» EXERCISE:
Wherever an image appears in the data, omit it and copy all the remaining text word for word.

» INPUT:
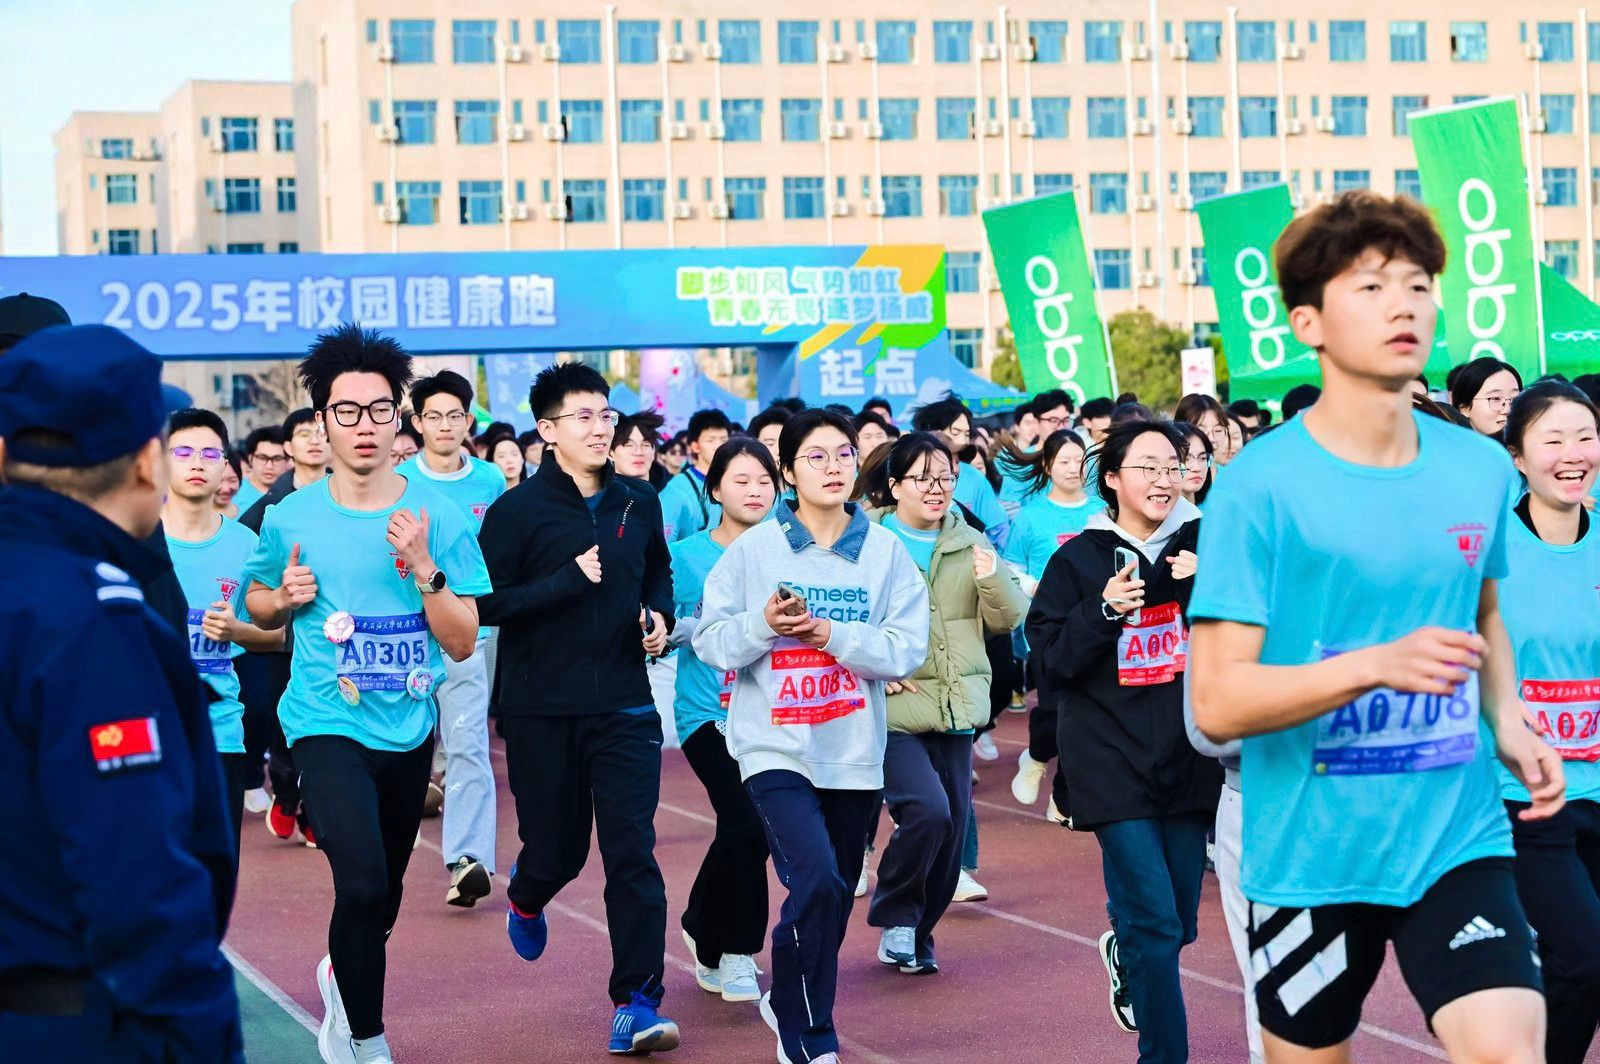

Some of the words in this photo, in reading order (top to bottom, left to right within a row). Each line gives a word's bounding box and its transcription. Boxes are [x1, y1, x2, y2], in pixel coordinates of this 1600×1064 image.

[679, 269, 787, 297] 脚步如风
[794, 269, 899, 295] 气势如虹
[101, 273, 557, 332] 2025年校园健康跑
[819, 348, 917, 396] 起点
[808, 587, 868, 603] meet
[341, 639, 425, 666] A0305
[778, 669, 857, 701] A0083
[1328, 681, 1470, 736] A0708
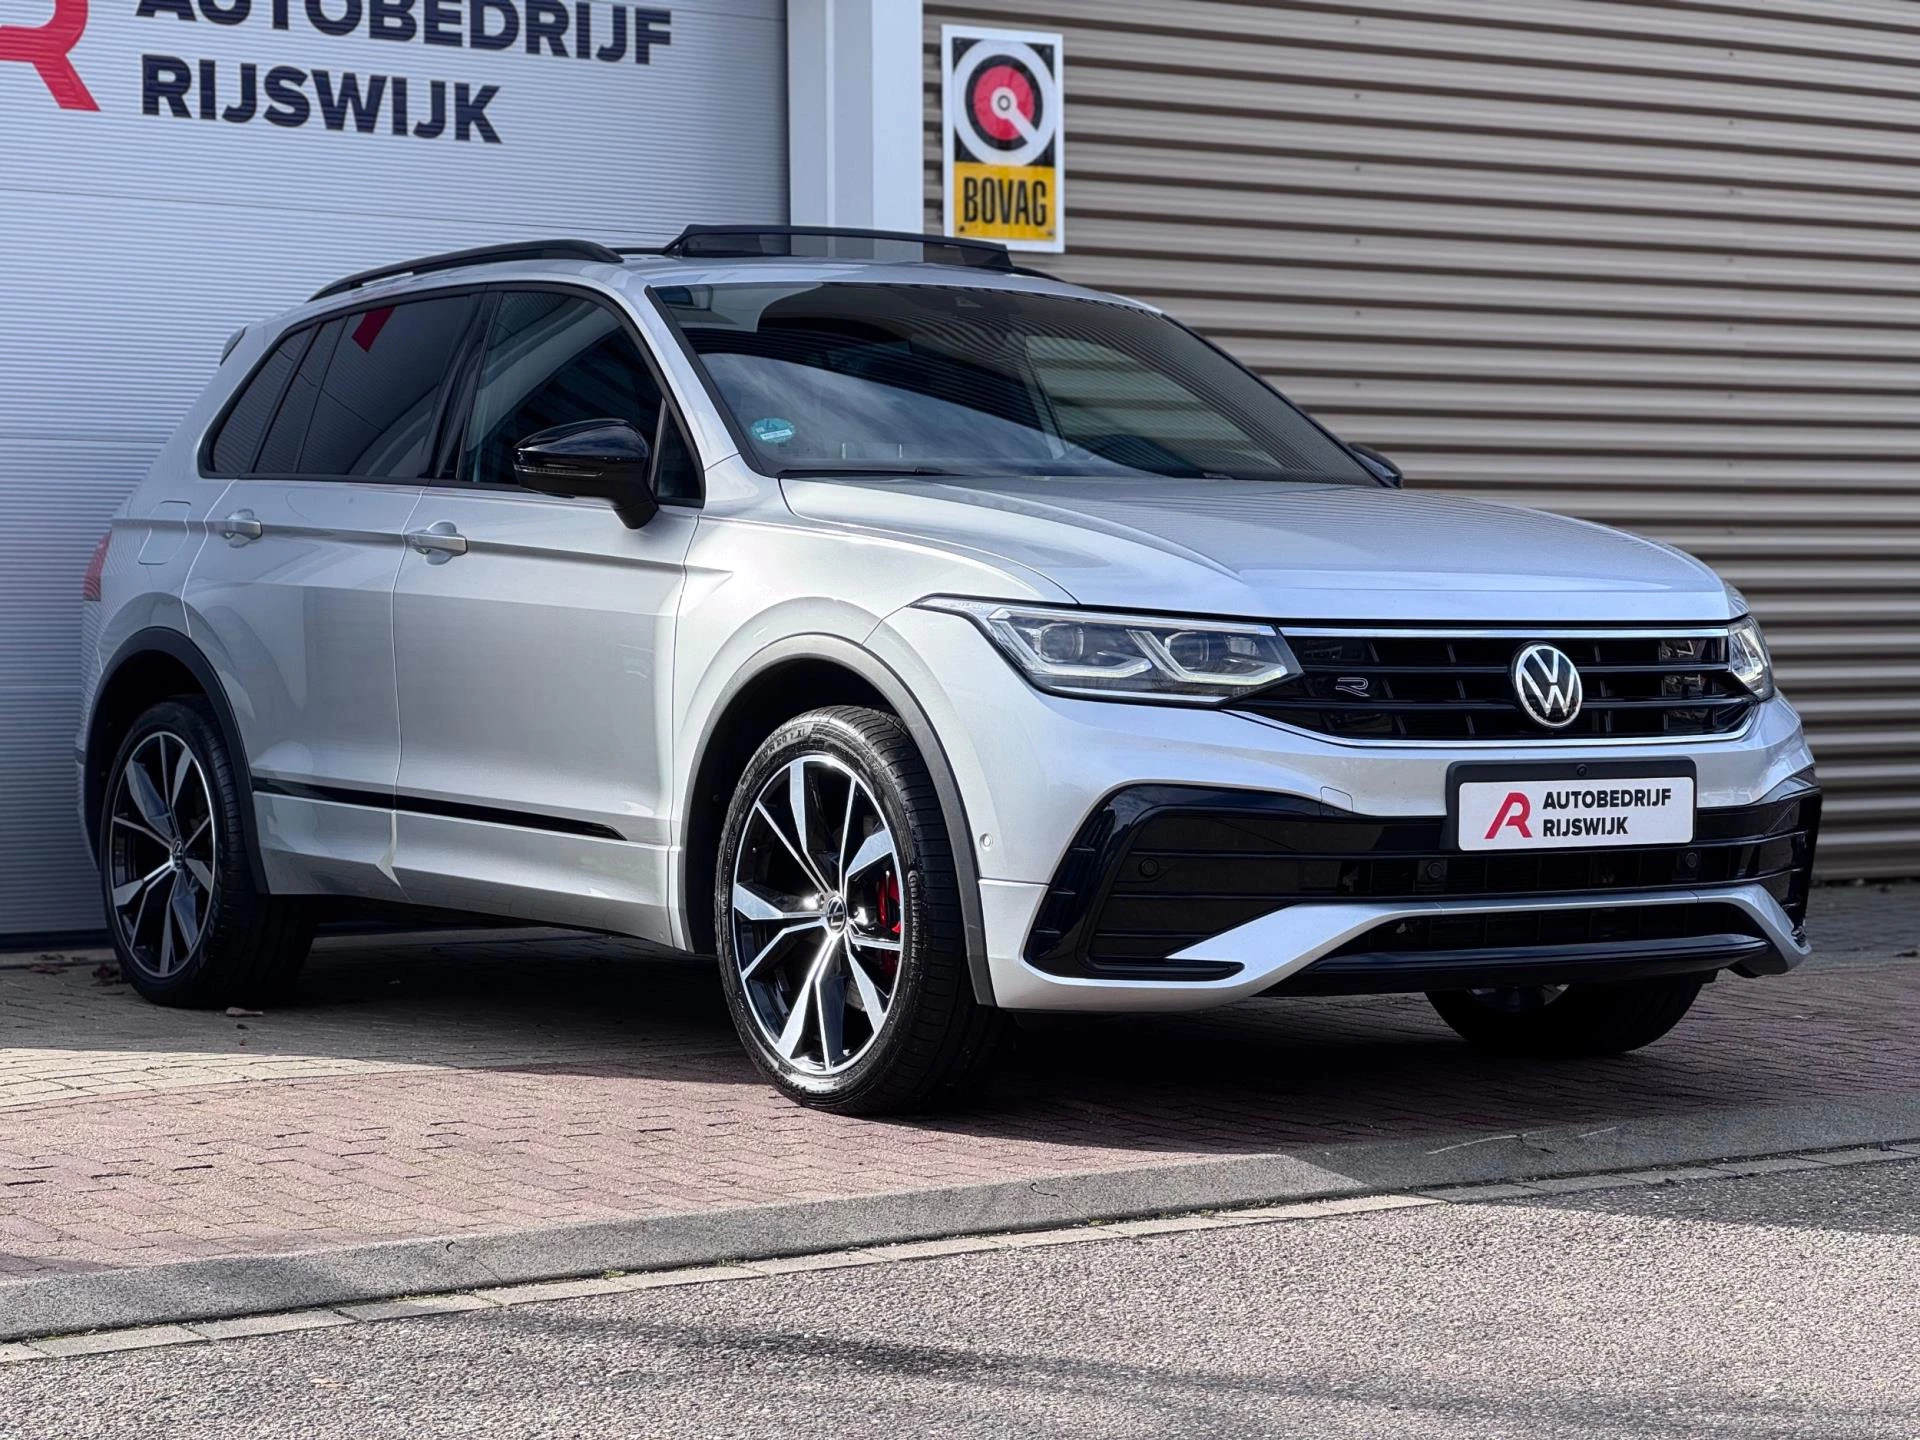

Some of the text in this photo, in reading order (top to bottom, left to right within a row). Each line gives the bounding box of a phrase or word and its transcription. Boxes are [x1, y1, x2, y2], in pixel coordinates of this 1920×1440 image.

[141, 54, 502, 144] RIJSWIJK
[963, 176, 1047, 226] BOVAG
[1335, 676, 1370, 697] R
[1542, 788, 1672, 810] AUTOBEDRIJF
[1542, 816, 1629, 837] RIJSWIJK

» EXERCISE RESULT:
Some of the words in this photo, in reading order (top to bottom, left to right within a row). Each line gives a word's bounding box and its transcription. Boxes are [x1, y1, x2, y2], in pixel coordinates of this 1600×1064 image.

[679, 269, 787, 297] 脚步如风
[794, 269, 899, 295] 气势如虹
[101, 273, 557, 332] 2025年校园健康跑
[819, 348, 917, 396] 起点
[808, 587, 868, 603] meet
[341, 639, 425, 666] A0305
[778, 669, 857, 701] A0083
[1328, 681, 1470, 736] A0708

Some of the text in this photo, in reading order (top to bottom, left to right within a row). Each line gives the bounding box of a phrase or word and its transcription. Boxes are [x1, y1, x2, y2], in pixel coordinates of this 1920×1440 image.

[141, 54, 502, 144] RIJSWIJK
[963, 176, 1047, 226] BOVAG
[1335, 676, 1370, 697] R
[1542, 788, 1672, 810] AUTOBEDRIJF
[1542, 816, 1629, 837] RIJSWIJK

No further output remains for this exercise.